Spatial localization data
/---

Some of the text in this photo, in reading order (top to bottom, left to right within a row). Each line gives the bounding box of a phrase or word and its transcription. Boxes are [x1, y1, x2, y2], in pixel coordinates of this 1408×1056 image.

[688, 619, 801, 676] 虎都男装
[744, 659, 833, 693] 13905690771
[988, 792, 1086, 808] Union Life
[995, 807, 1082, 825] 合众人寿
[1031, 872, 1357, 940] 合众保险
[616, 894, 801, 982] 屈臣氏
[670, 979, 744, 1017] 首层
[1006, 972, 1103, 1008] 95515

\---

THE TASK
Print every record above once more, exactly as written.

RESPONSE TO THE TASK
Some of the text in this photo, in reading order (top to bottom, left to right within a row). Each line gives the bounding box of a phrase or word and its transcription. Boxes are [x1, y1, x2, y2], in pixel coordinates of this 1408×1056 image.

[688, 619, 801, 676] 虎都男装
[744, 659, 833, 693] 13905690771
[988, 792, 1086, 808] Union Life
[995, 807, 1082, 825] 合众人寿
[1031, 872, 1357, 940] 合众保险
[616, 894, 801, 982] 屈臣氏
[670, 979, 744, 1017] 首层
[1006, 972, 1103, 1008] 95515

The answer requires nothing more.